▶ [Assignment]:
Skip the pictures and repeat each line of the data exactly.

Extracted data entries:
·····

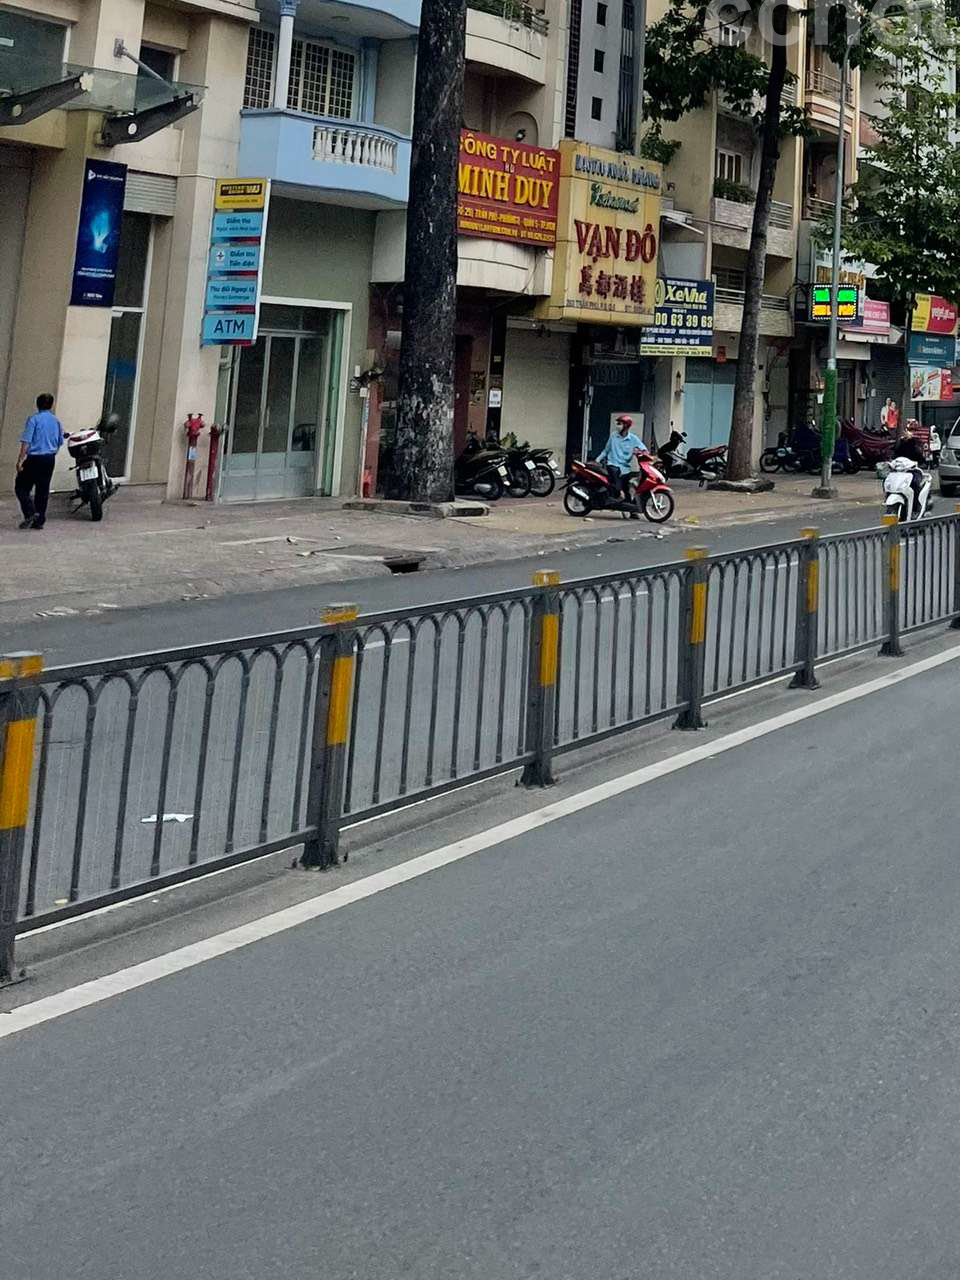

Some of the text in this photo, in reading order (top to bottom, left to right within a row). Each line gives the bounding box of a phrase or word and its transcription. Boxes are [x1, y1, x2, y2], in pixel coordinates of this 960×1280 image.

[501, 146, 520, 164] TY
[521, 150, 556, 176] LUẬT
[458, 162, 554, 209] MINH DUY
[574, 219, 657, 264] VẠN ĐÔ
[213, 319, 245, 334] ATM
[670, 313, 683, 327] 63
[686, 314, 698, 328] 39
[701, 315, 713, 328] 63

·····

▶ [Exercise response]:
Some of the text in this photo, in reading order (top to bottom, left to right within a row). Each line gives the bounding box of a phrase or word and its transcription. Boxes are [x1, y1, x2, y2], in pixel coordinates of this 960×1280 image.

[501, 146, 520, 164] TY
[521, 150, 556, 176] LUẬT
[458, 162, 554, 209] MINH DUY
[574, 219, 657, 264] VẠN ĐÔ
[213, 319, 245, 334] ATM
[670, 313, 683, 327] 63
[686, 314, 698, 328] 39
[701, 315, 713, 328] 63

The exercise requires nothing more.